Scientists Teach Machines to Learn Like Humans — Artificial Intelligence Advances
They then compared the outputs from both humans and machines through ‘visual Turing tests. A robot that can make logical leaps about things might someday be more adept at human-like decision-making. The software is not mimicking the way children acquire the ability to read and write but, rather, the way adults, who already know how, learn to recognize and re-create new characters.
The study authors stated further that considering the low level of data needed by humans to learn, the present effort by the researchers could lead to new advances in the field of artificial intelligence.
Brenden Lake, the study’s lead author and a Moore-Sloan Data Science Fellow at New York University, said the algorithm can lead to the development of better learning machines.
Here, the researchers’ model specified that characters in human writing systems consist of strokes, demarcated by the lifting of the pen, and that the strokes consist of substrokes, demarcated by points at which the pen’s velocity is zero.
After learning the characters, the computer and humans were asked to copy several handwritten characters.
Only about less than a quarter of the judges were able to assess the handwritten characters correctly if they have been reproduced by a machine or a human.
The Washington Post reports that the algorithm helped computers to recognize letters from a limited set of examples. Google’s search machine learns your behavior and proceed to give you results accordingly. It was done after both were shown just one example of each character. “I think you can have the best of both worlds”, he says.
Just like the current machines that learn from examples, Chappie also learns from the people that teach him. Now imagine somebody shows you a pineapple.
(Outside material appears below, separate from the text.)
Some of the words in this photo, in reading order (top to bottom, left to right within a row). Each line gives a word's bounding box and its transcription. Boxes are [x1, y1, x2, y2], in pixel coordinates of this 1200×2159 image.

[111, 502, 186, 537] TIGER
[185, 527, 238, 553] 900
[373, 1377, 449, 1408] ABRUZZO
Moreover, each program is created to generate variations of each symbol whenever the programs are run, helping it capture the way instances of such concepts might vary, such as the differences between how two people draw a letter.
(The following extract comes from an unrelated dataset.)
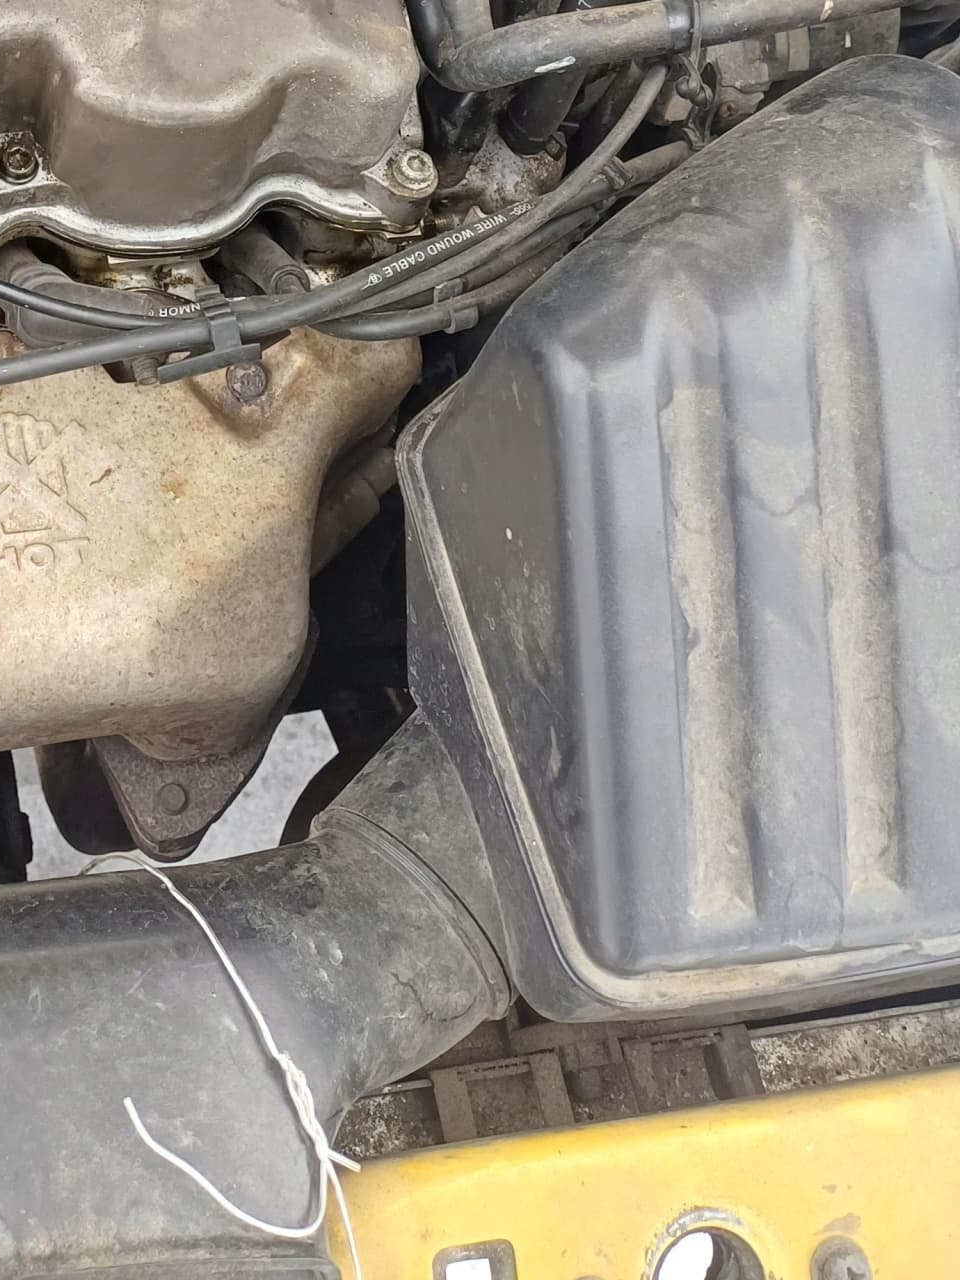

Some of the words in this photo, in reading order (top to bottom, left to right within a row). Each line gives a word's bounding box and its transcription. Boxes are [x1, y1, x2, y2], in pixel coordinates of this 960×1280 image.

[474, 214, 508, 236] WIRE
[426, 226, 474, 257] WOUND
[383, 248, 426, 278] CABLE
Human volunteers from Amazon’s Mechanical Turk service were recruited to hand-draw thousands of characters from 50 different alphabets, including traditional languages like Latin, Greek, and Korean, as well as fictional ones like the alien language in “Futurama”.
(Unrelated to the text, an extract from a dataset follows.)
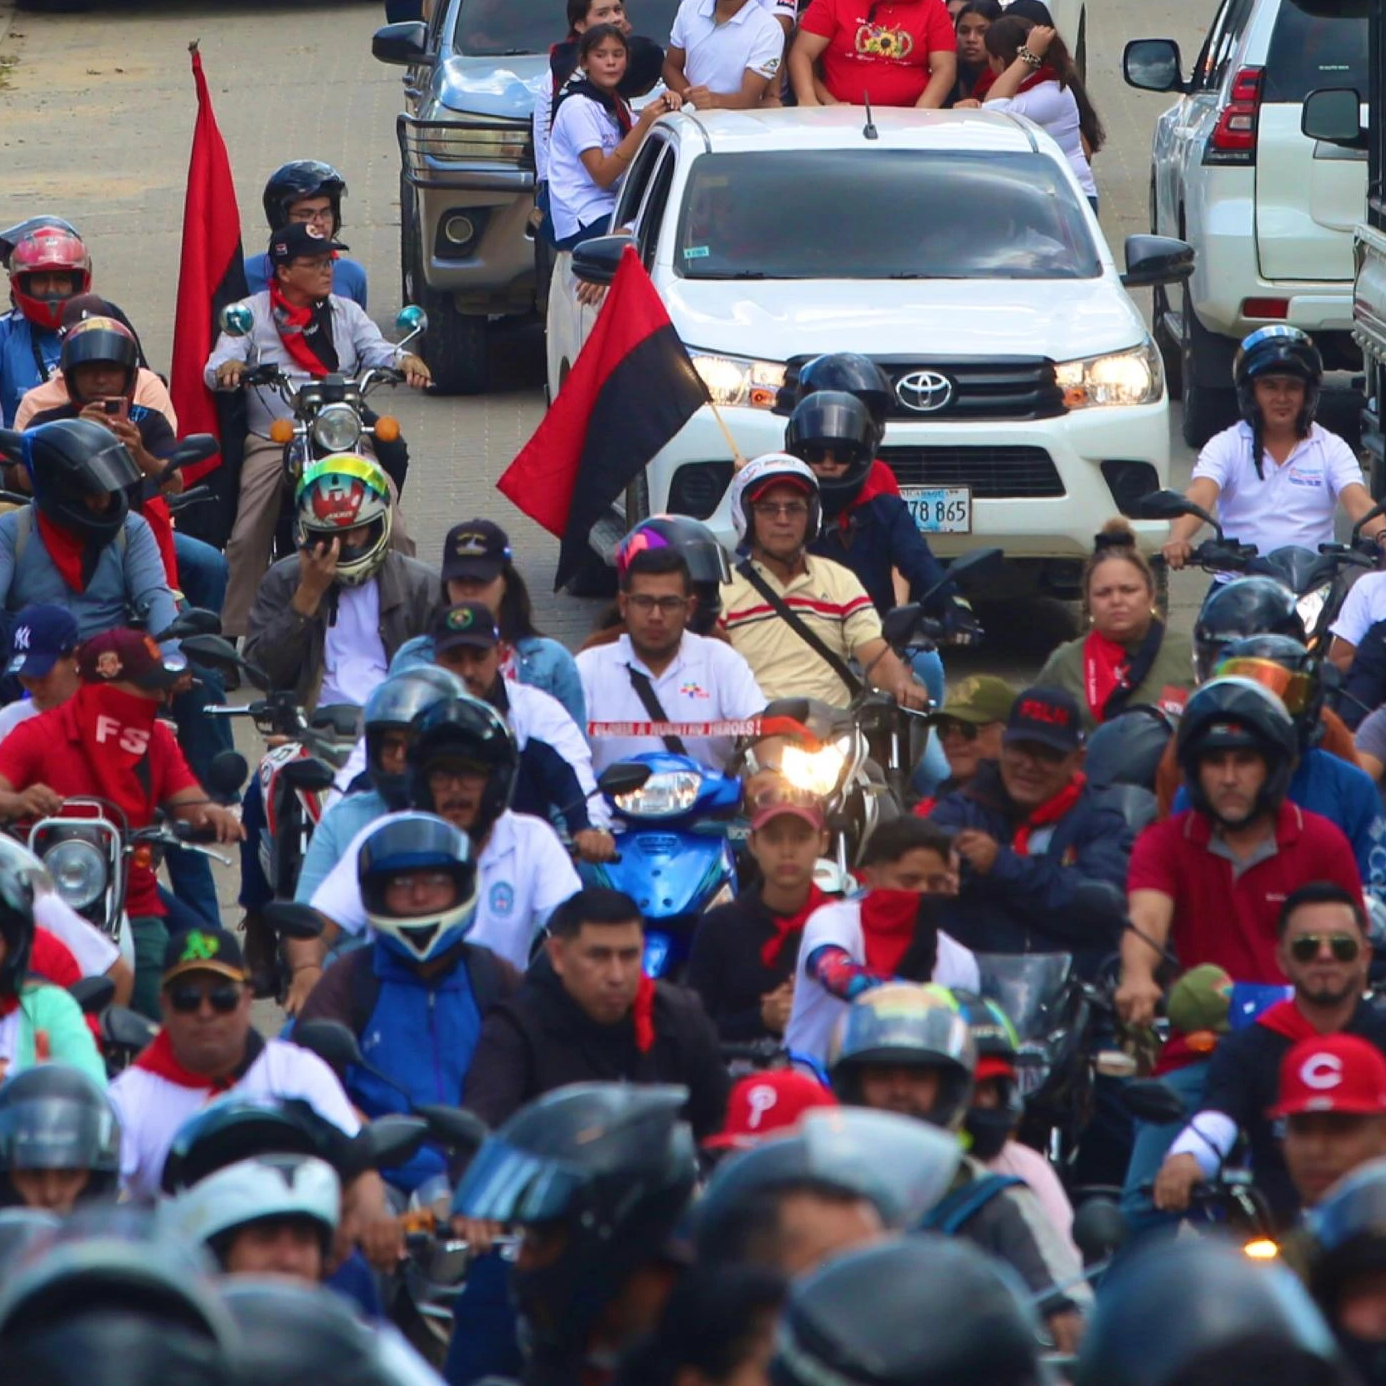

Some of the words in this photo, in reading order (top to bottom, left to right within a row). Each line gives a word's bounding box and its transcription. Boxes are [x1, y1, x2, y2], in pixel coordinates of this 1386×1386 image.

[934, 500, 967, 523] 865
[1300, 1052, 1342, 1089] C
[747, 1084, 777, 1129] P
Human judges were then asked to identify which characters were reproduced by a computer. But, when machines are allowed to perform new tasks they can only replicate those performed earlier by humans. But the research could also shed fresh light on how learning happens in young humans, the scientists pointed out. They don’t see characters as just inactive objects that are visual. The new AI averaged 3.3% errors, whereas competitor programs varied between 8% and 34.7%. If the interrogator couldn’t reliably distinguish the human answers from the computer answers, the computer would pass the test and have the status of a thinking machine, Turing argued.
Computers could reach conclusions after sifting through hundreds of thousands of examples, but scientists have had a hard time getting them to make inferences and comparisons during machine learning.
AI is still a long way from matching human abilities. The findings claim that computers have come closer to the human method of learning, The New York Times reported.
But our ability to quickly extrapolate from a small set of data comes with some notable drawbacks.
“I would be very careful with terms like ‘superhuman performance, ‘” said Oren Etzioni, chief executive of the Allen Institute for Artificial Intelligence in Seattle. “It’s the inevitable flip side of learning so quickly”.
The Turing test was first proposed by British scientist Alan Turing in the 1940s as a way to test whether the product of an artificial intelligence or computer program can fool humans it’s been made by humans. And while this research is important, it doesn’t necessarily mean that this is the way all machines will learn in the future.
The study, published in the journal Science, describes how scientists developed a “Bayesian Program Learning”, or BPL algorithm.
Each step, each paper, and each idea lights another candle to illuminate the massive void in our knowledge of intelligence and consciousness. Maybe tomorrow it will generating human-like speech, or even recreating art with greater success.